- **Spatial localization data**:
┏━━

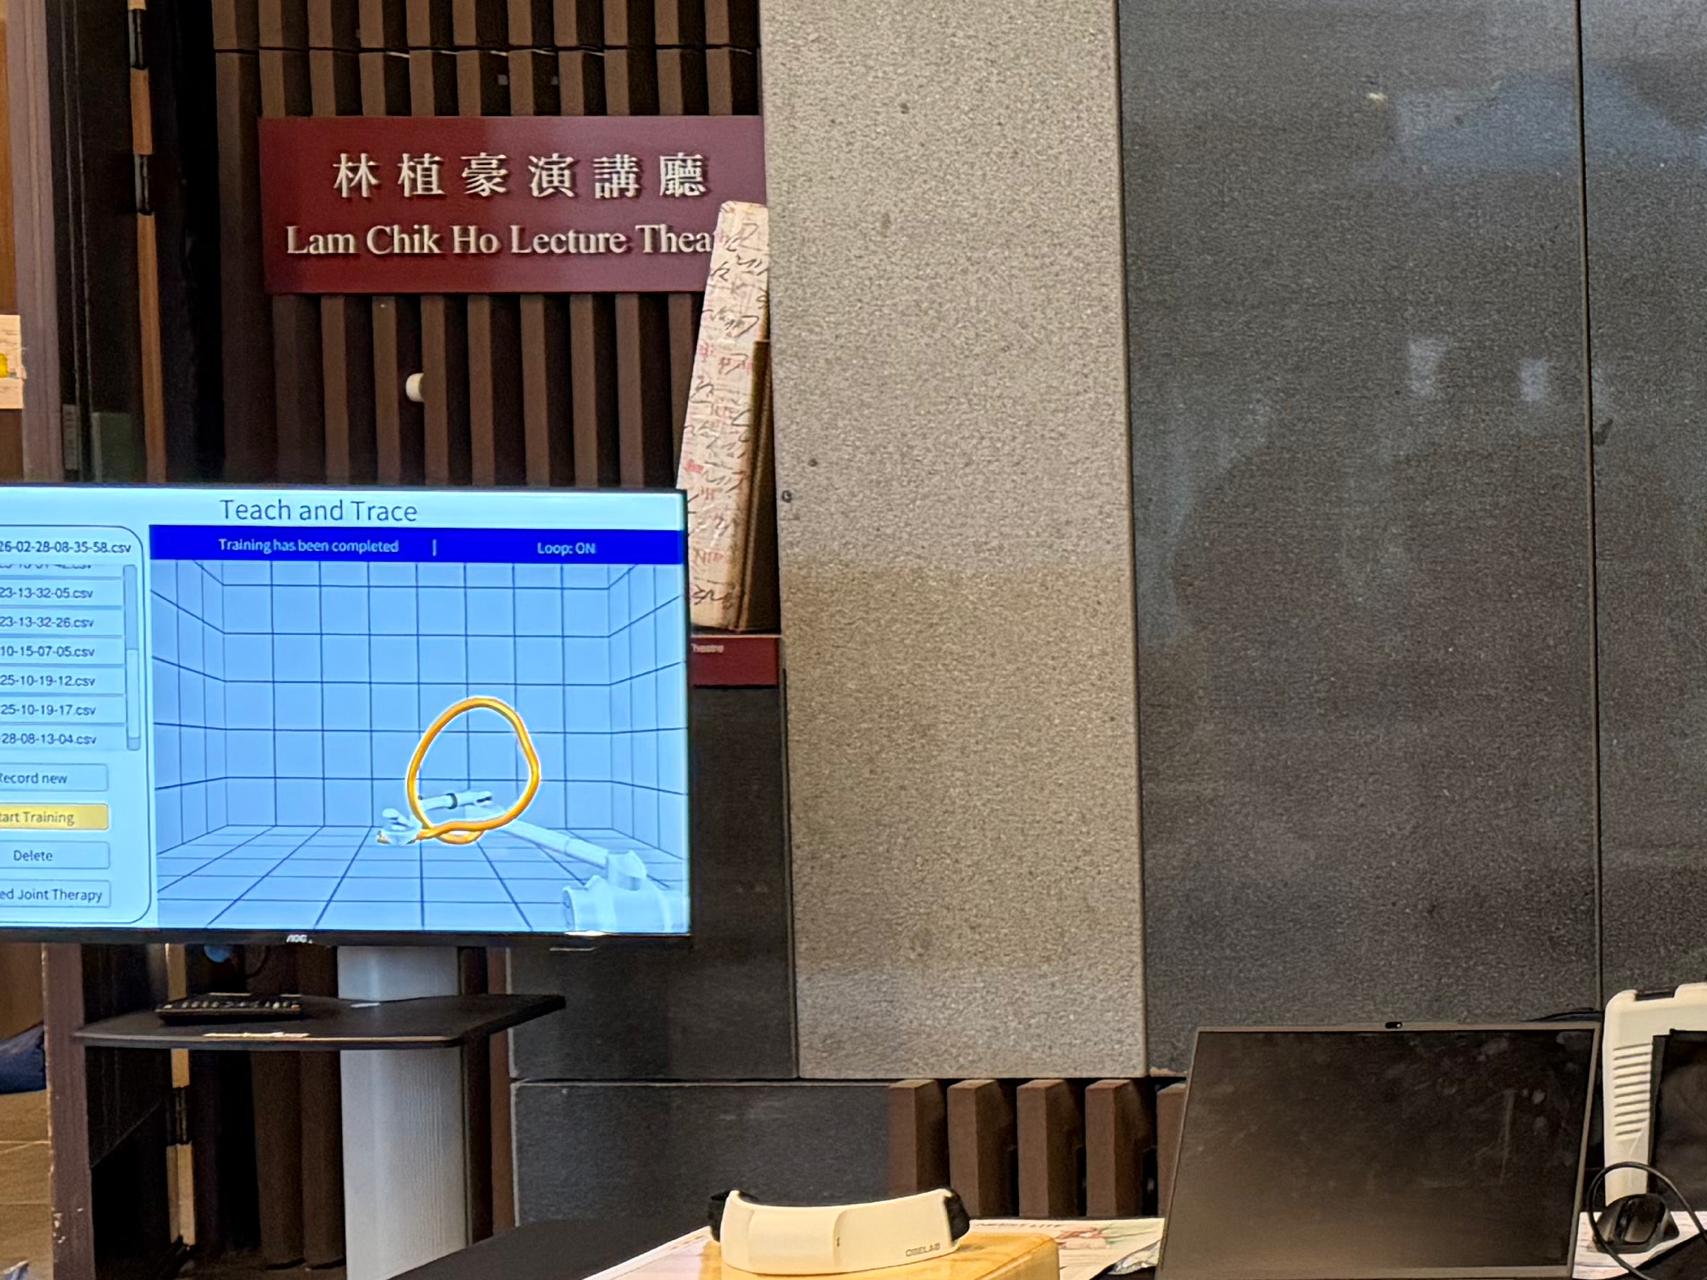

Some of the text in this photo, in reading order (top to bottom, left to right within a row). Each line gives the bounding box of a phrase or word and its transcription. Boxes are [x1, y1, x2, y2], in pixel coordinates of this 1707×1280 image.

[333, 153, 709, 199] 林植豪演講廳
[286, 224, 716, 255] Lam Chik Ho Lecture Thea
[220, 499, 418, 523] Teach and Trace
[218, 538, 400, 556] Training has been completed
[537, 541, 595, 556] Loop: ON
[42, 774, 67, 784] new
[23, 811, 75, 827] Training
[13, 849, 53, 862] Delete
[17, 889, 49, 901] Joint
[51, 888, 103, 904] Therapy
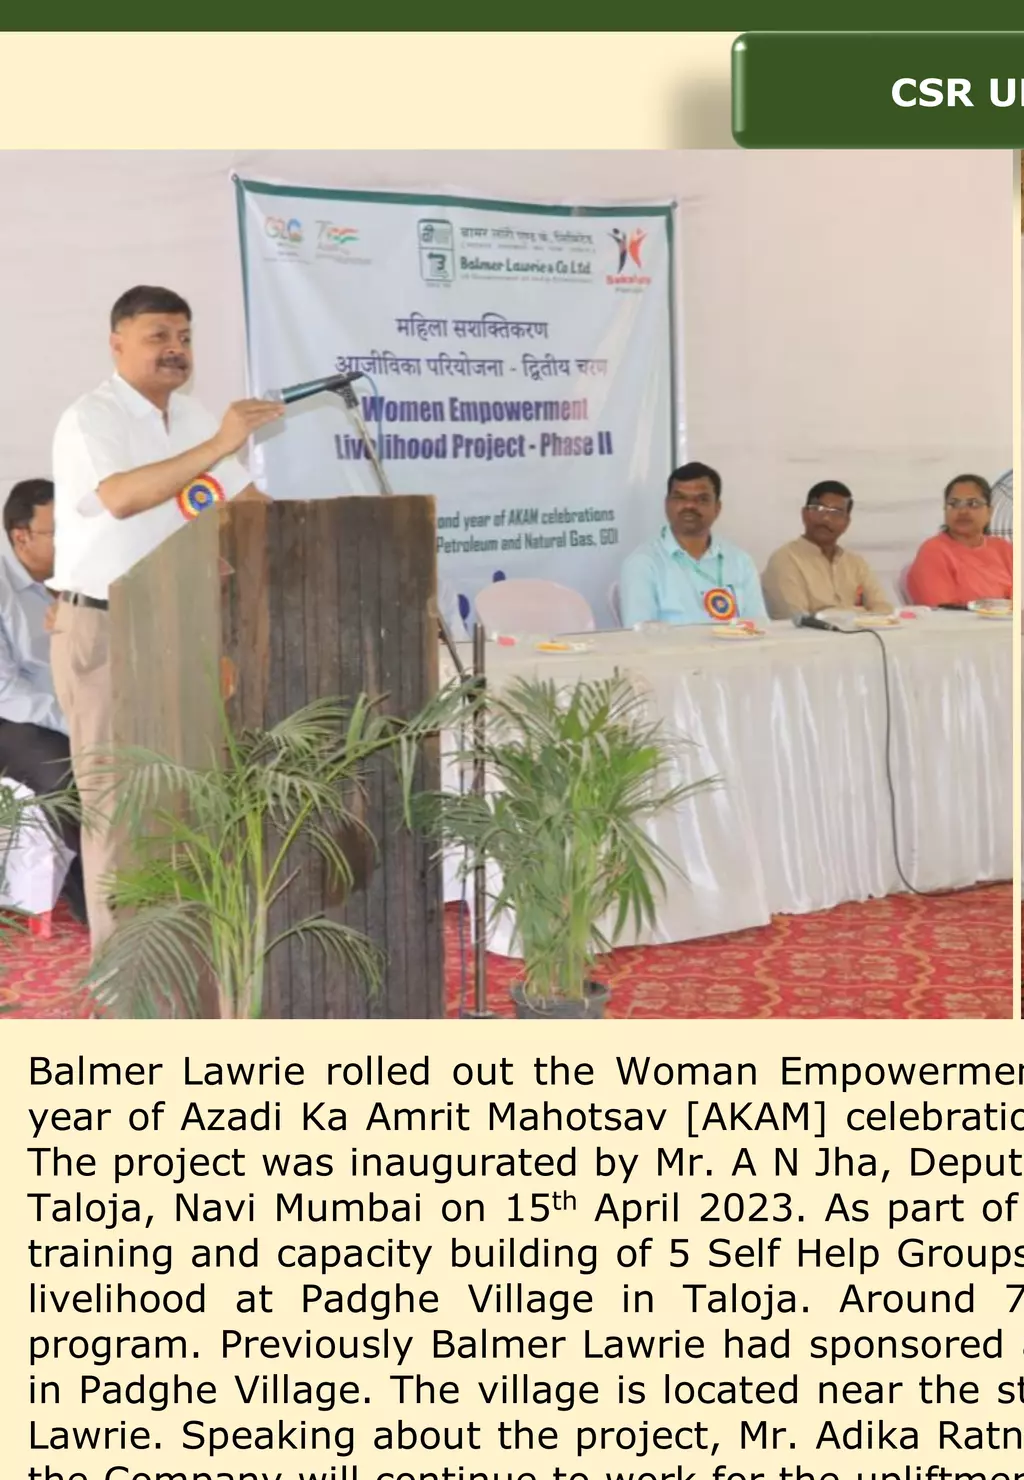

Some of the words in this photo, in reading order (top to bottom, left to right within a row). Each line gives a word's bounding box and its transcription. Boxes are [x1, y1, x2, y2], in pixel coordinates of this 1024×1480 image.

[892, 78, 974, 107] CSR
[460, 255, 504, 270] Balmer
[506, 257, 546, 273] Lawrie
[395, 312, 448, 341] महिला
[453, 312, 549, 340] सशक्तिकरण
[334, 349, 422, 376] आजीविका
[426, 351, 504, 378] परियोजना
[522, 352, 570, 382] द्वितीय
[361, 396, 446, 422] Women
[448, 396, 589, 425] Empowerment
[452, 433, 526, 462] Project
[541, 431, 594, 458] Phase
[598, 430, 614, 456] II
[437, 510, 460, 530] ond
[464, 512, 492, 531] year
[493, 509, 507, 528] of
[508, 508, 540, 527] AKAM
[541, 506, 616, 525] celebrations
[436, 535, 499, 554] Petroleum
[501, 533, 522, 551] and
[524, 531, 567, 550] Natural
[569, 529, 597, 548] Gas,
[600, 527, 619, 546] GOI
[31, 1055, 163, 1085] Balmer
[185, 1057, 304, 1085] Lawrie
[328, 1055, 428, 1085] rolled
[453, 1058, 513, 1085] out
[534, 1056, 593, 1085] the
[616, 1057, 756, 1085] Woman
[27, 1147, 95, 1176] The
[115, 1148, 245, 1183] project
[263, 1154, 333, 1176] was
[352, 1147, 575, 1183] inaugurated
[597, 1147, 638, 1183] by
[658, 1148, 712, 1176] Mr.
[732, 1148, 753, 1176] A
[776, 1148, 797, 1176] N
[816, 1147, 889, 1183] Jha,
[27, 1192, 153, 1229] Taloja,
[176, 1193, 254, 1222] Navi
[277, 1192, 420, 1222] Mumbai
[442, 1200, 484, 1222] on
[508, 1190, 576, 1222] 15th
[595, 1192, 678, 1229] April
[701, 1193, 803, 1222] 2023.
[825, 1193, 869, 1222] As
[890, 1194, 964, 1229] part
[983, 1192, 1019, 1222] of
[31, 1421, 160, 1449] Lawrie.
[183, 1420, 353, 1457] Speaking
[374, 1420, 480, 1449] about
[498, 1420, 557, 1449] the
[578, 1421, 719, 1457] project,
[741, 1421, 795, 1449] Mr.
[816, 1420, 918, 1449] Adika
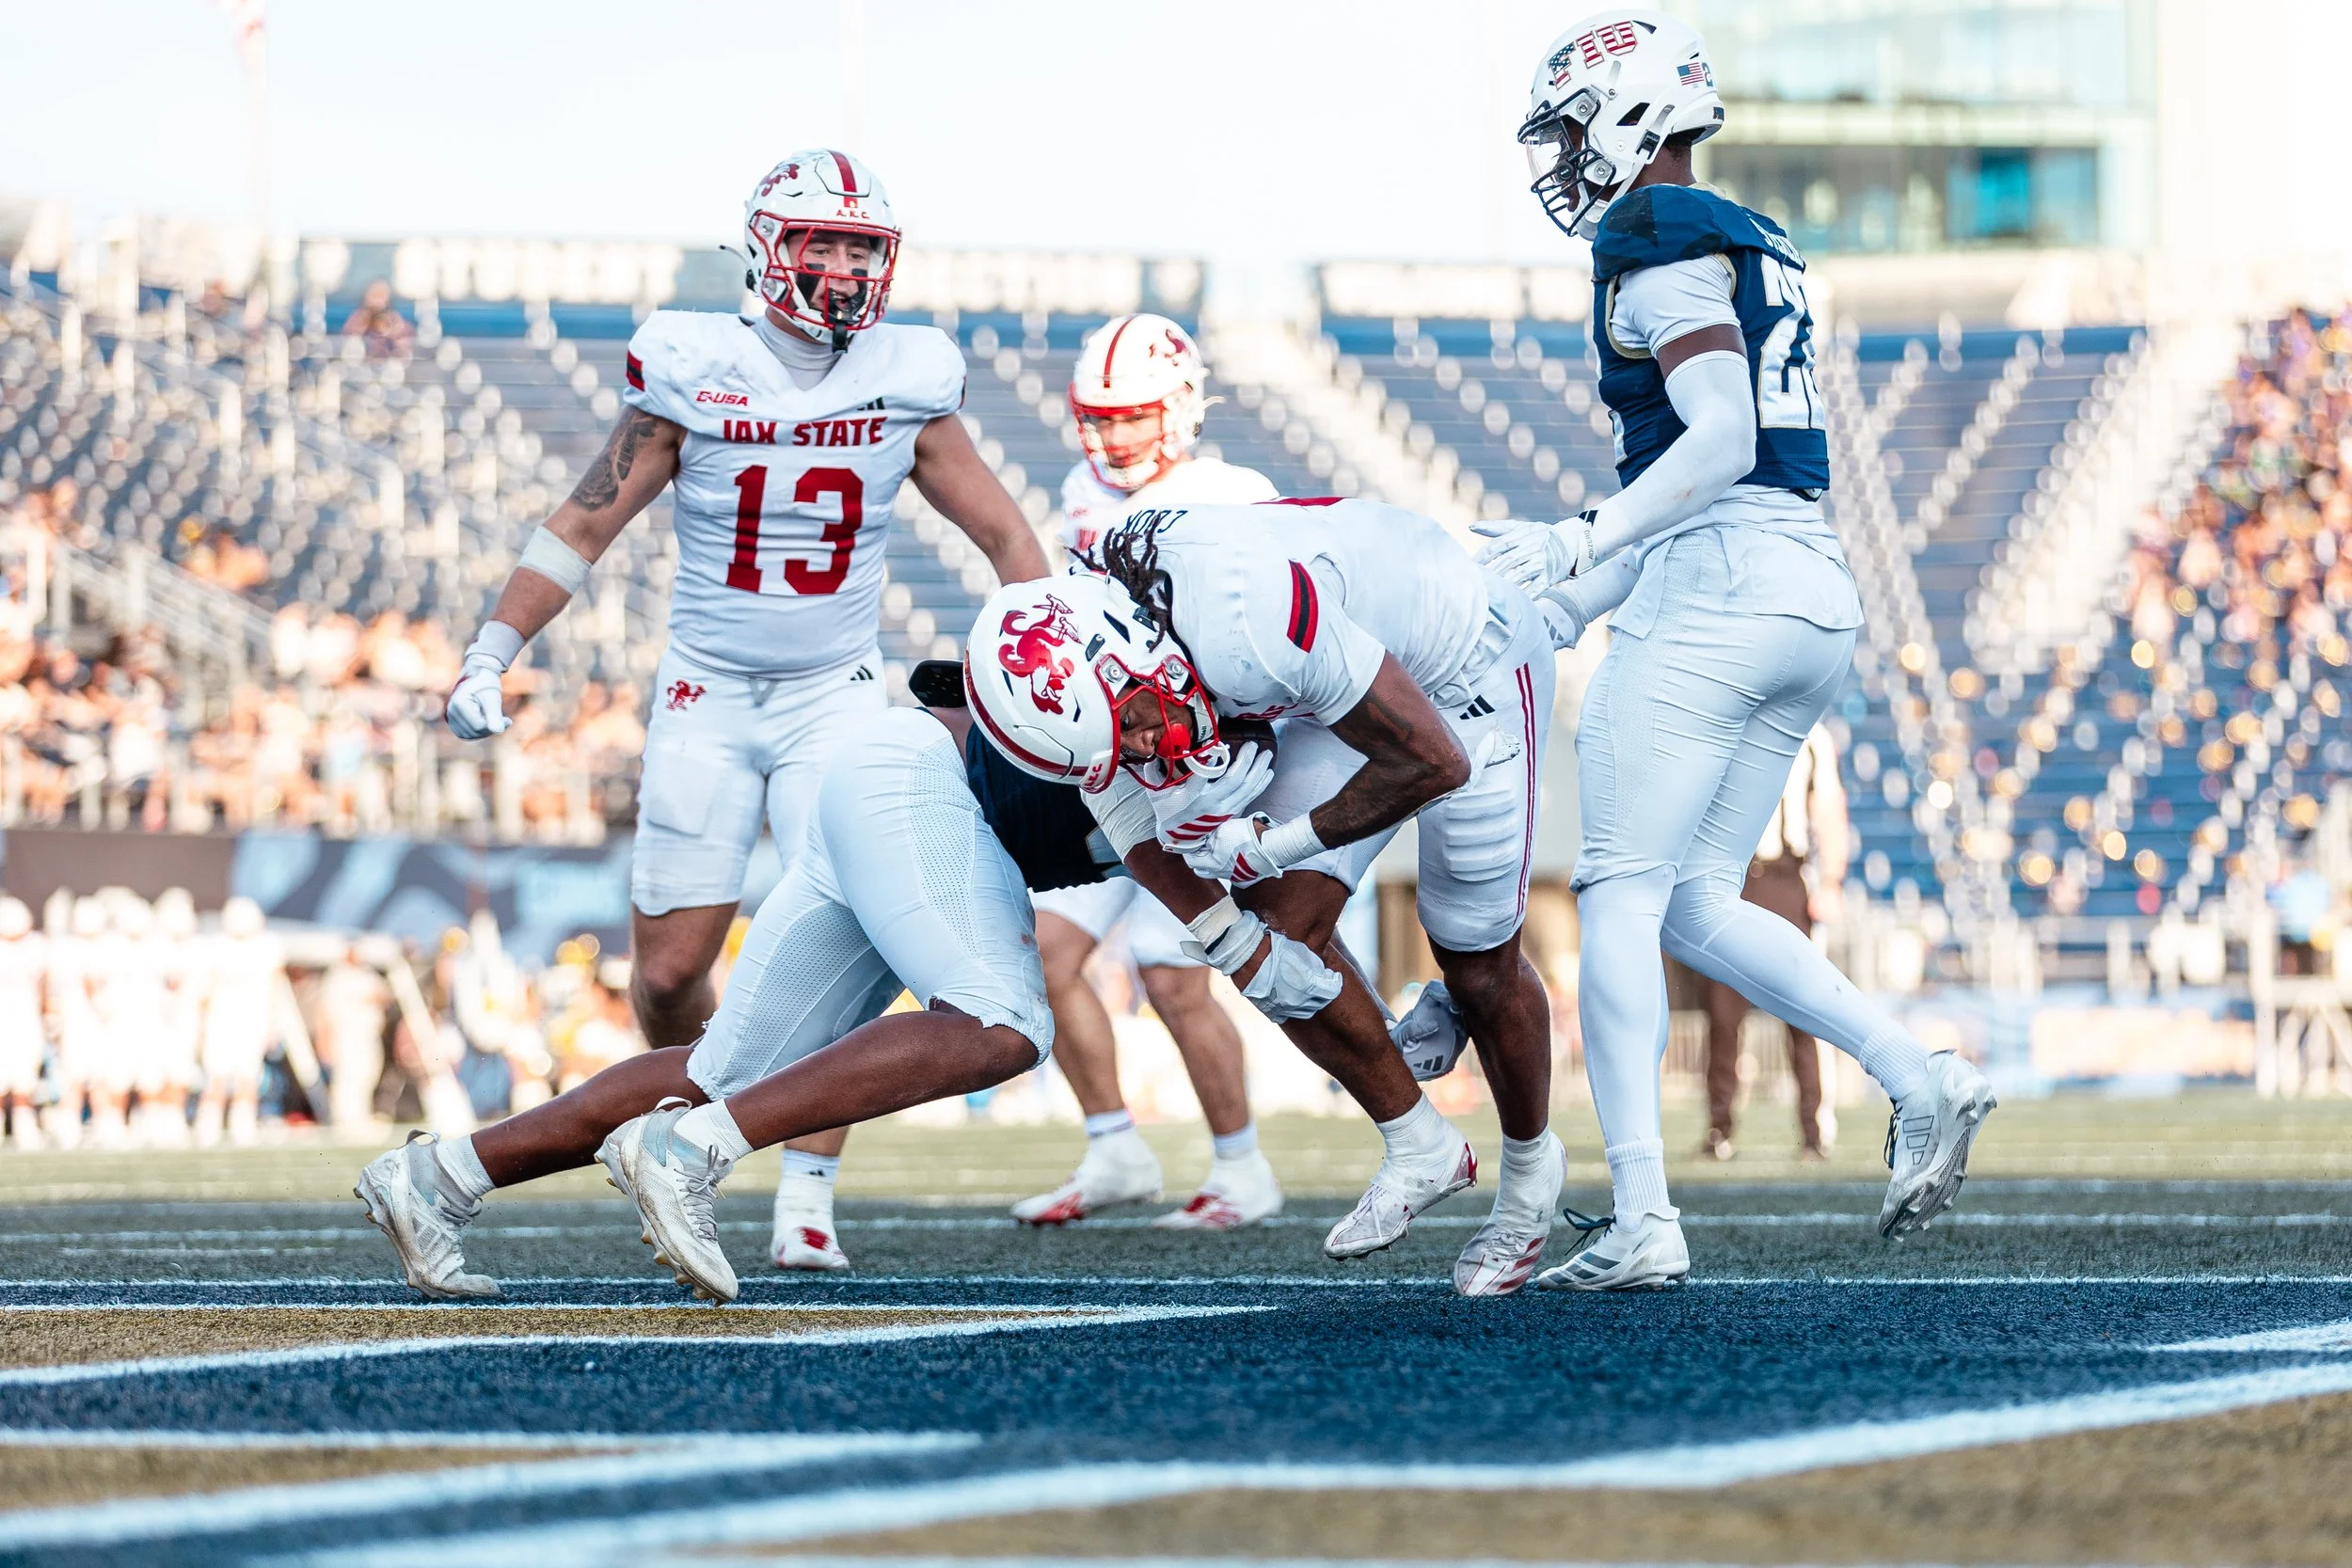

┗━━

- **Assignment**: Print all records verbatim, excluding pictures.

- **Solution to the exercise**:
Some of the text in this photo, in reading order (top to bottom, left to right within a row). Each line gives the bounding box of a phrase or word and its transcription. Boxes are [x1, y1, x2, y2], in pixel coordinates of this 1707×1280 image.

[333, 153, 709, 199] 林植豪演講廳
[286, 224, 716, 255] Lam Chik Ho Lecture Thea
[220, 499, 418, 523] Teach and Trace
[218, 538, 400, 556] Training has been completed
[537, 541, 595, 556] Loop: ON
[42, 774, 67, 784] new
[23, 811, 75, 827] Training
[13, 849, 53, 862] Delete
[17, 889, 49, 901] Joint
[51, 888, 103, 904] Therapy

Some of the words in this photo, in reading order (top to bottom, left to right within a row). Each line gives a word's bounding box and its transcription. Boxes are [x1, y1, x2, y2], in pixel coordinates of this 1024×1480 image.

[892, 78, 974, 107] CSR
[460, 255, 504, 270] Balmer
[506, 257, 546, 273] Lawrie
[395, 312, 448, 341] महिला
[453, 312, 549, 340] सशक्तिकरण
[334, 349, 422, 376] आजीविका
[426, 351, 504, 378] परियोजना
[522, 352, 570, 382] द्वितीय
[361, 396, 446, 422] Women
[448, 396, 589, 425] Empowerment
[452, 433, 526, 462] Project
[541, 431, 594, 458] Phase
[598, 430, 614, 456] II
[437, 510, 460, 530] ond
[464, 512, 492, 531] year
[493, 509, 507, 528] of
[508, 508, 540, 527] AKAM
[541, 506, 616, 525] celebrations
[436, 535, 499, 554] Petroleum
[501, 533, 522, 551] and
[524, 531, 567, 550] Natural
[569, 529, 597, 548] Gas,
[600, 527, 619, 546] GOI
[31, 1055, 163, 1085] Balmer
[185, 1057, 304, 1085] Lawrie
[328, 1055, 428, 1085] rolled
[453, 1058, 513, 1085] out
[534, 1056, 593, 1085] the
[616, 1057, 756, 1085] Woman
[27, 1147, 95, 1176] The
[115, 1148, 245, 1183] project
[263, 1154, 333, 1176] was
[352, 1147, 575, 1183] inaugurated
[597, 1147, 638, 1183] by
[658, 1148, 712, 1176] Mr.
[732, 1148, 753, 1176] A
[776, 1148, 797, 1176] N
[816, 1147, 889, 1183] Jha,
[27, 1192, 153, 1229] Taloja,
[176, 1193, 254, 1222] Navi
[277, 1192, 420, 1222] Mumbai
[442, 1200, 484, 1222] on
[508, 1190, 576, 1222] 15th
[595, 1192, 678, 1229] April
[701, 1193, 803, 1222] 2023.
[825, 1193, 869, 1222] As
[890, 1194, 964, 1229] part
[983, 1192, 1019, 1222] of
[31, 1421, 160, 1449] Lawrie.
[183, 1420, 353, 1457] Speaking
[374, 1420, 480, 1449] about
[498, 1420, 557, 1449] the
[578, 1421, 719, 1457] project,
[741, 1421, 795, 1449] Mr.
[816, 1420, 918, 1449] Adika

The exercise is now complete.